-- Recorded data follows --

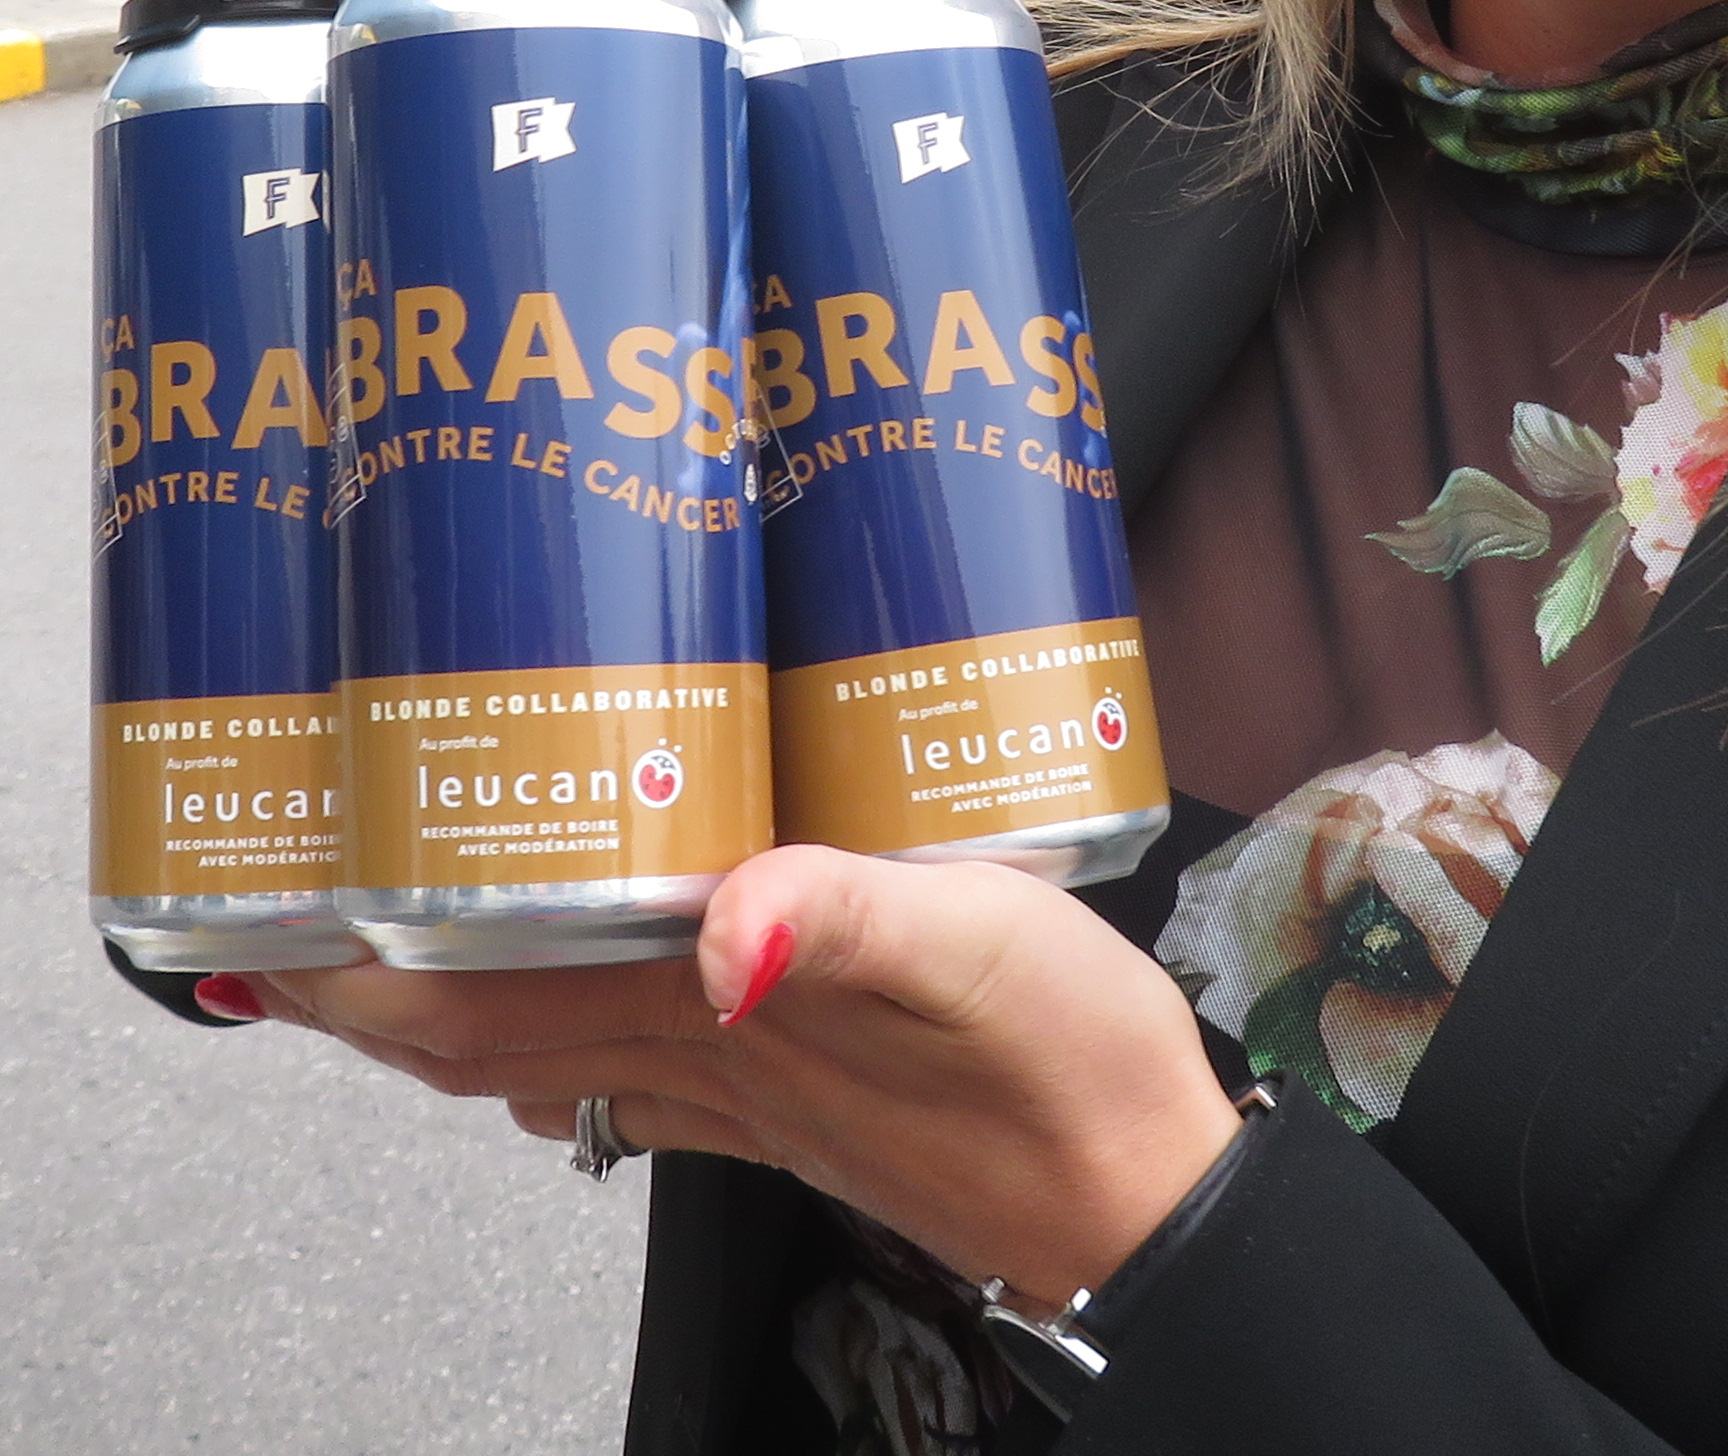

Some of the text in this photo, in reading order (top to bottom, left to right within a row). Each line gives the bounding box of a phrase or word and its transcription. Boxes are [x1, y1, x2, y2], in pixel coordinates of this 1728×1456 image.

[515, 108, 543, 154] F
[917, 122, 938, 165] F
[265, 178, 290, 220] F
[766, 417, 937, 503] CONTRE
[954, 419, 1006, 458] LE
[342, 425, 495, 500] CONTRE
[510, 432, 572, 479] LE
[583, 459, 741, 533] CANCER
[254, 478, 310, 519] LE
[835, 666, 949, 702] BLONDE
[370, 687, 730, 723] BLONDE COLLABORATIVE
[898, 698, 980, 722] Au profit de
[122, 720, 214, 743] BLONDE
[418, 735, 500, 753] Au profit de
[900, 718, 1086, 775] leucan
[165, 755, 239, 772] Au profit de
[418, 764, 619, 809] leucan
[911, 763, 1089, 802] RECOMMANDE DE BOIRE
[951, 780, 1093, 814] AVEC MODÉRATION
[166, 836, 269, 852] RECOMMANDE
[274, 835, 295, 849] DE
[421, 819, 619, 840] RECOMMANDE DE BOIRE
[457, 836, 621, 857] AVEC MODÉRATION
[198, 853, 238, 868] AVEC
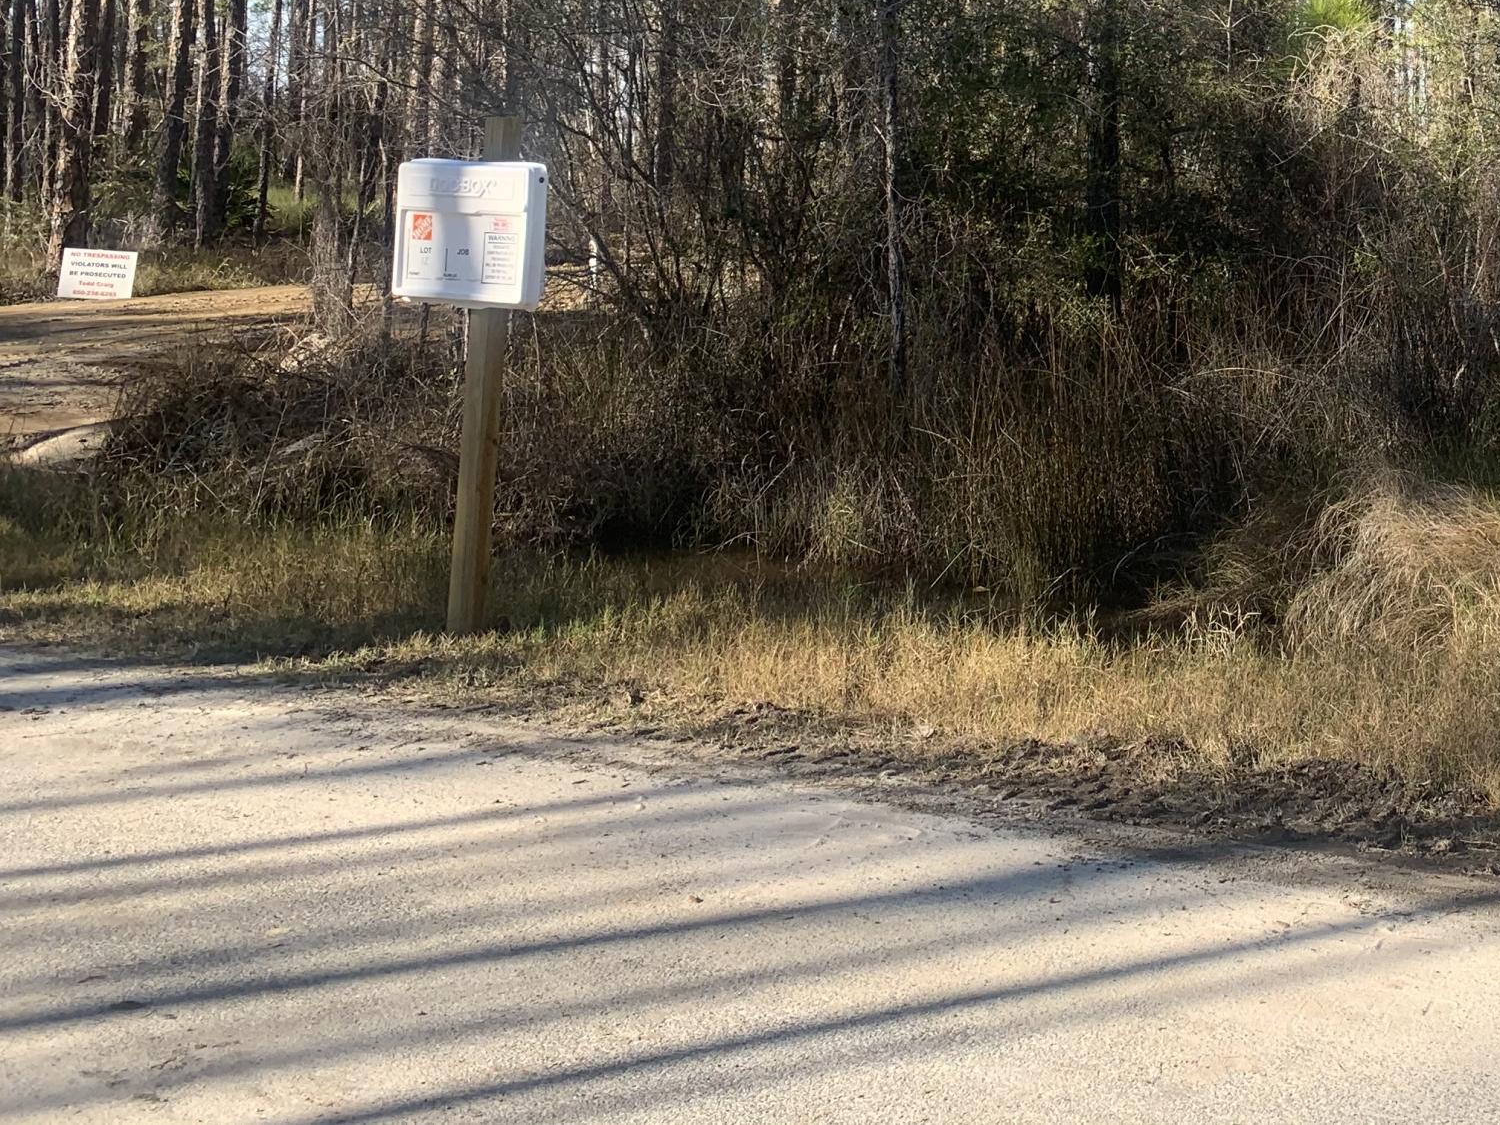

-- Recorded data concluded --

(Work to complete)
Copy the records exactly as they appear, leaving every picture out.

(Task result)
Some of the text in this photo, in reading order (top to bottom, left to right within a row). Each line gives the bounding box of a phrase or word and its transcription. Boxes are [x1, y1, x2, y2], in pixel coordinates of this 1728×1456 image.

[515, 108, 543, 154] F
[917, 122, 938, 165] F
[265, 178, 290, 220] F
[766, 417, 937, 503] CONTRE
[954, 419, 1006, 458] LE
[342, 425, 495, 500] CONTRE
[510, 432, 572, 479] LE
[583, 459, 741, 533] CANCER
[254, 478, 310, 519] LE
[835, 666, 949, 702] BLONDE
[370, 687, 730, 723] BLONDE COLLABORATIVE
[898, 698, 980, 722] Au profit de
[122, 720, 214, 743] BLONDE
[418, 735, 500, 753] Au profit de
[900, 718, 1086, 775] leucan
[165, 755, 239, 772] Au profit de
[418, 764, 619, 809] leucan
[911, 763, 1089, 802] RECOMMANDE DE BOIRE
[951, 780, 1093, 814] AVEC MODÉRATION
[166, 836, 269, 852] RECOMMANDE
[274, 835, 295, 849] DE
[421, 819, 619, 840] RECOMMANDE DE BOIRE
[457, 836, 621, 857] AVEC MODÉRATION
[198, 853, 238, 868] AVEC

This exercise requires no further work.